EXERCISE DETAILS.
The entries below must be reproduced exactly; their pictures are not part of the copy.

GIVEN DATA: Begin

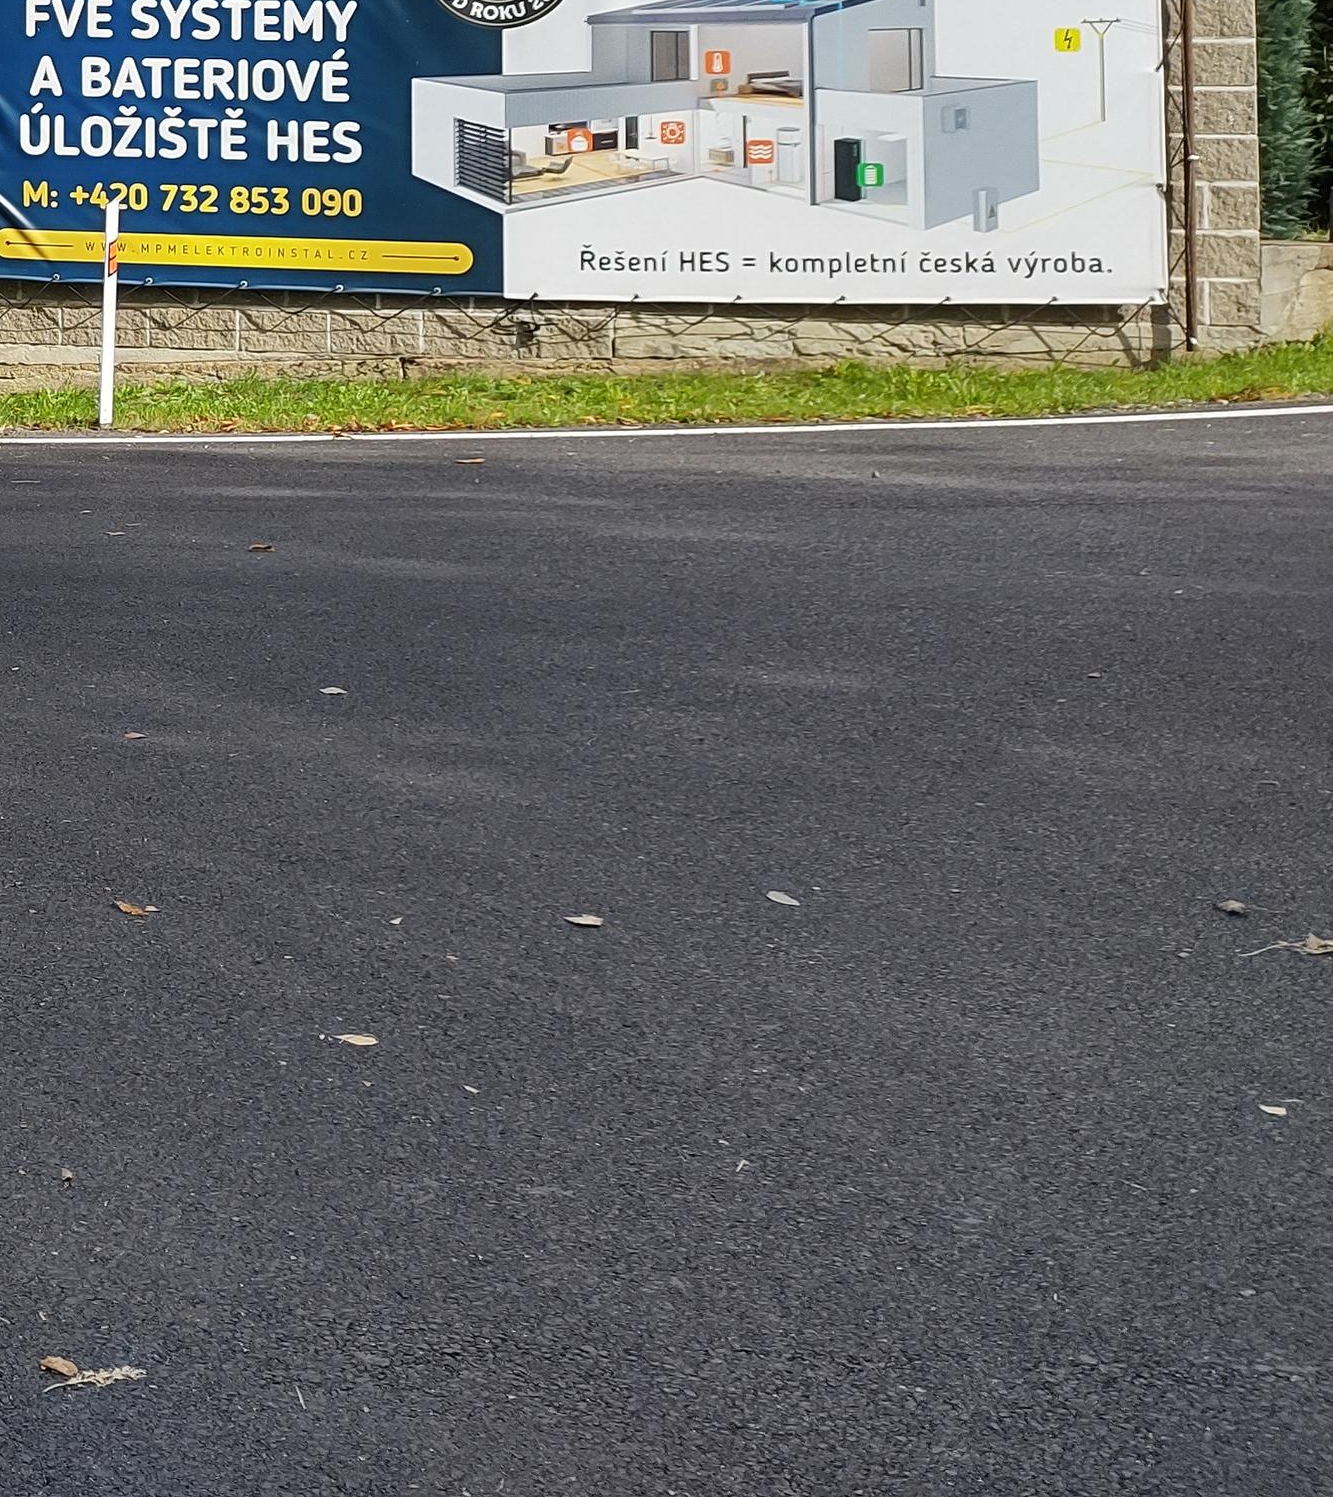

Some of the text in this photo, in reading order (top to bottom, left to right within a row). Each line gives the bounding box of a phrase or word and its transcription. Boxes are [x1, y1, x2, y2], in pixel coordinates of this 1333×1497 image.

[470, 2, 526, 20] ROKU
[29, 49, 350, 102] A BATERIOVÉ
[19, 102, 363, 163] ÚLOŽIŠTĚ HES
[23, 180, 363, 217] M: +420 732 853 090
[579, 244, 1113, 279] Řešení HES = kompletní česká výroba.
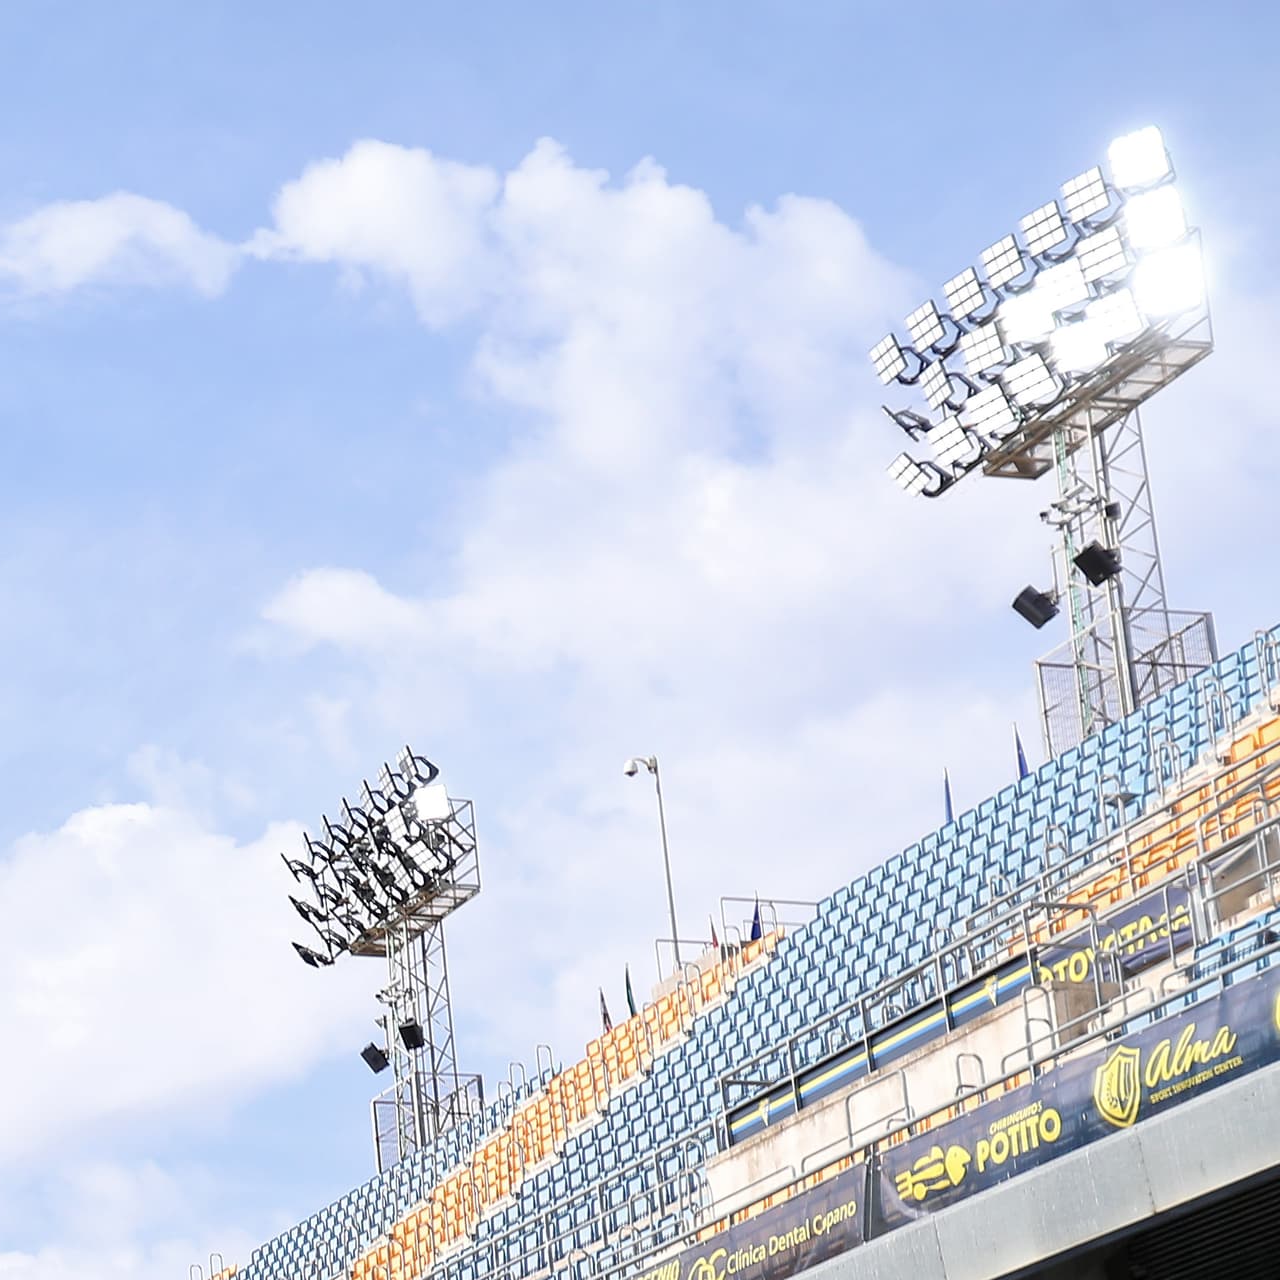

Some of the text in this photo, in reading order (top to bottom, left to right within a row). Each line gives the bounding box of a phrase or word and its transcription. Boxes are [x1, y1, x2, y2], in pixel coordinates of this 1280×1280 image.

[976, 1108, 1061, 1172] POTITO
[726, 1244, 766, 1275] Clínica
[769, 1218, 811, 1254] Dental
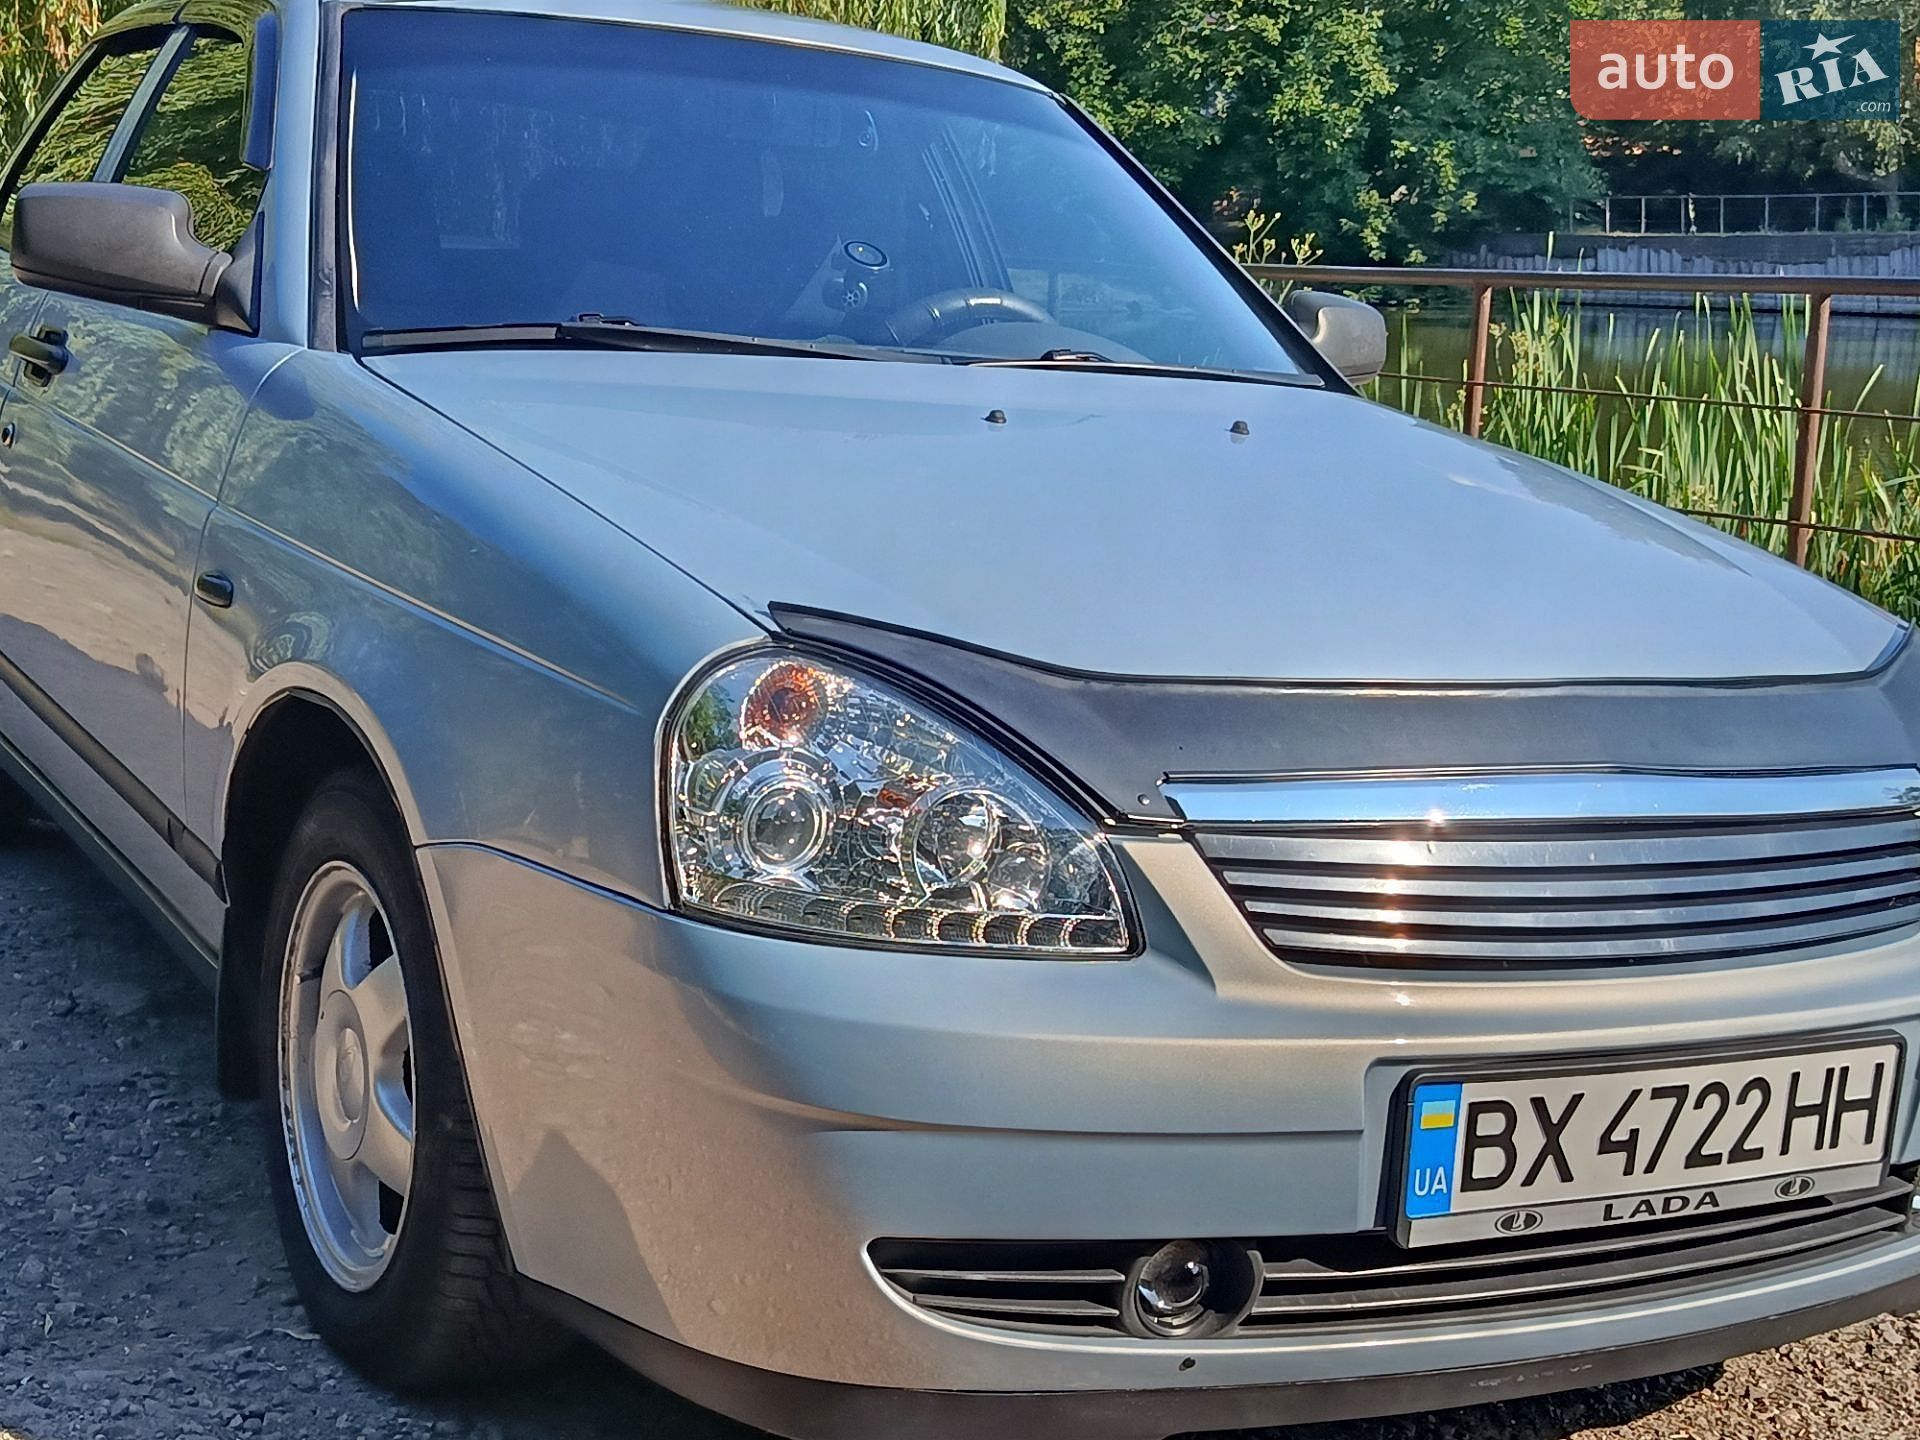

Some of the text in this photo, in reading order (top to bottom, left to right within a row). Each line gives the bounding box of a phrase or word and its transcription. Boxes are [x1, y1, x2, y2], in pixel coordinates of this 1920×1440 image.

[1459, 1062, 1885, 1193] BX 4722 HH
[1414, 1168, 1448, 1197] UA
[1602, 1191, 1720, 1223] LADA
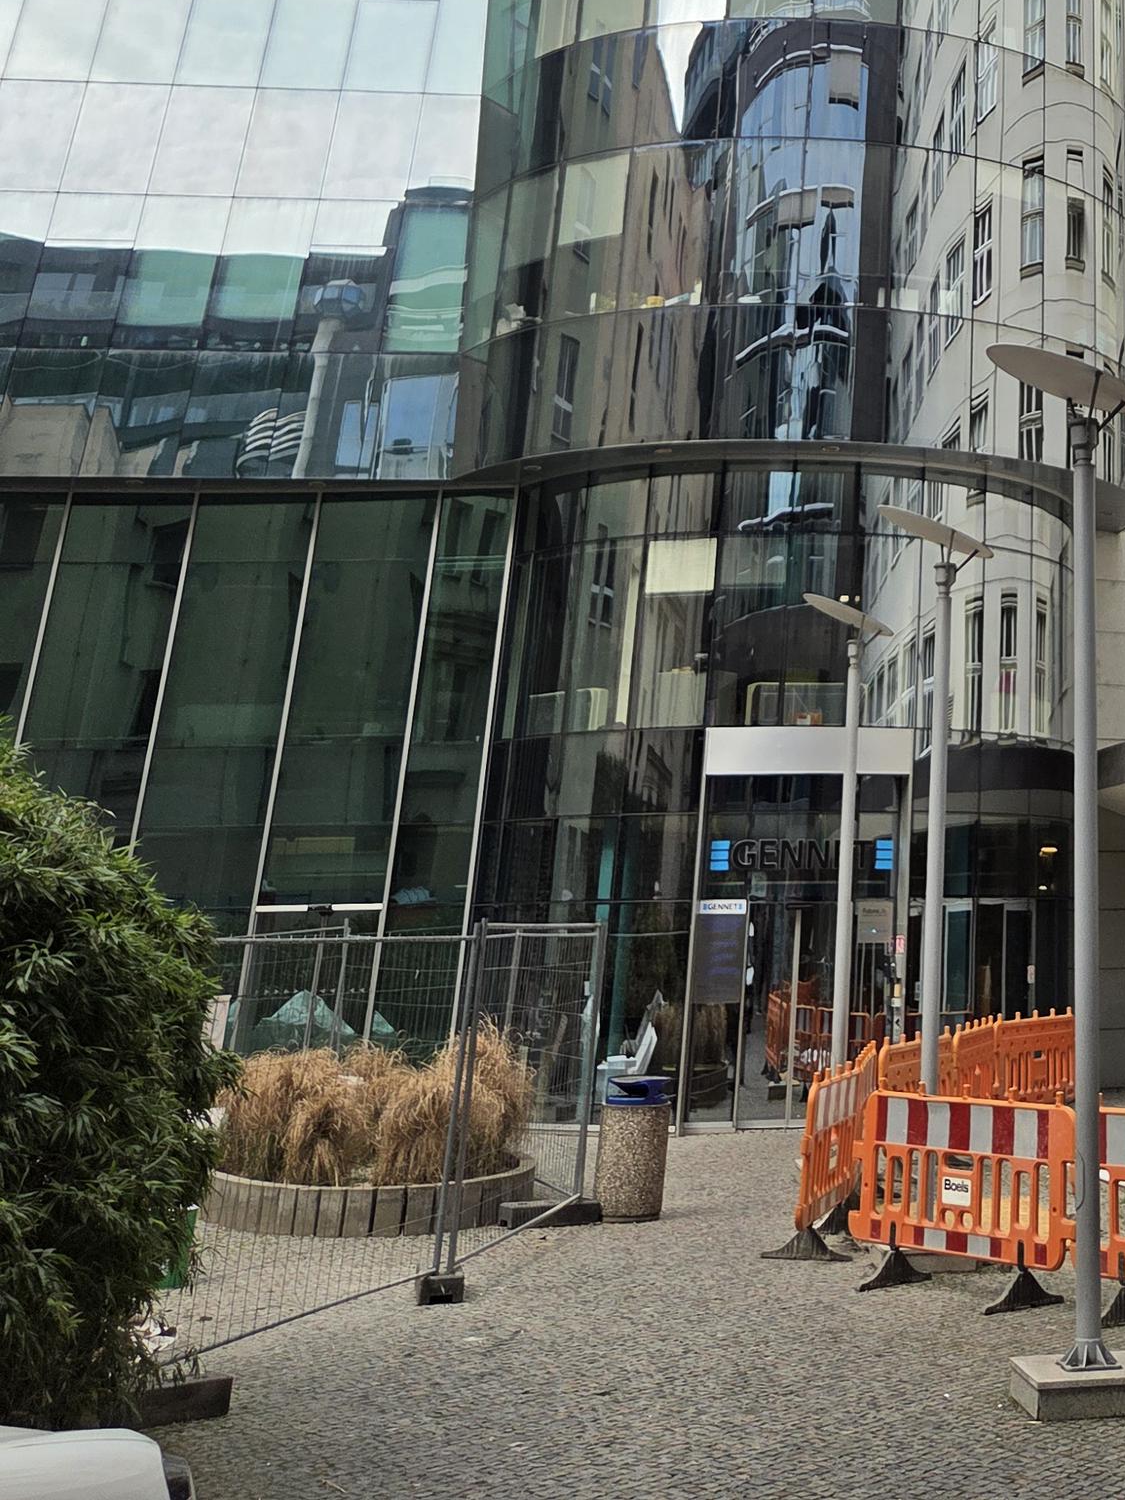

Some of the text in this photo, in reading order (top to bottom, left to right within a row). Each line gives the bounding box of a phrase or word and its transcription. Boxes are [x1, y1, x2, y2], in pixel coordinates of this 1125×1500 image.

GIVEN DATA: End

SOLUTION FOR THIS PROBLEM.
Some of the text in this photo, in reading order (top to bottom, left to right within a row). Each line gives the bounding box of a phrase or word and its transcription. Boxes are [x1, y1, x2, y2], in pixel coordinates of this 1333×1497 image.

[470, 2, 526, 20] ROKU
[29, 49, 350, 102] A BATERIOVÉ
[19, 102, 363, 163] ÚLOŽIŠTĚ HES
[23, 180, 363, 217] M: +420 732 853 090
[579, 244, 1113, 279] Řešení HES = kompletní česká výroba.

Some of the text in this photo, in reading order (top to bottom, left to right within a row). Each line gives the bounding box of a phrase or word and its transcription. Boxes are [x1, y1, x2, y2], in pixel coordinates of this 1280×1280 image.

[976, 1108, 1061, 1172] POTITO
[726, 1244, 766, 1275] Clínica
[769, 1218, 811, 1254] Dental

Some of the text in this photo, in reading order (top to bottom, left to right within a row). Each line gives the bounding box of a phrase or word and its transcription. Boxes are [x1, y1, x2, y2], in pixel coordinates of this 1920×1440 image.

[1459, 1062, 1885, 1193] BX 4722 HH
[1414, 1168, 1448, 1197] UA
[1602, 1191, 1720, 1223] LADA

Some of the text in this photo, in reading order (top to bottom, left to right within a row). Each line gives the bounding box of a phrase or word and its transcription. Boxes are [x1, y1, x2, y2], in pixel coordinates of this 1125×1500 image.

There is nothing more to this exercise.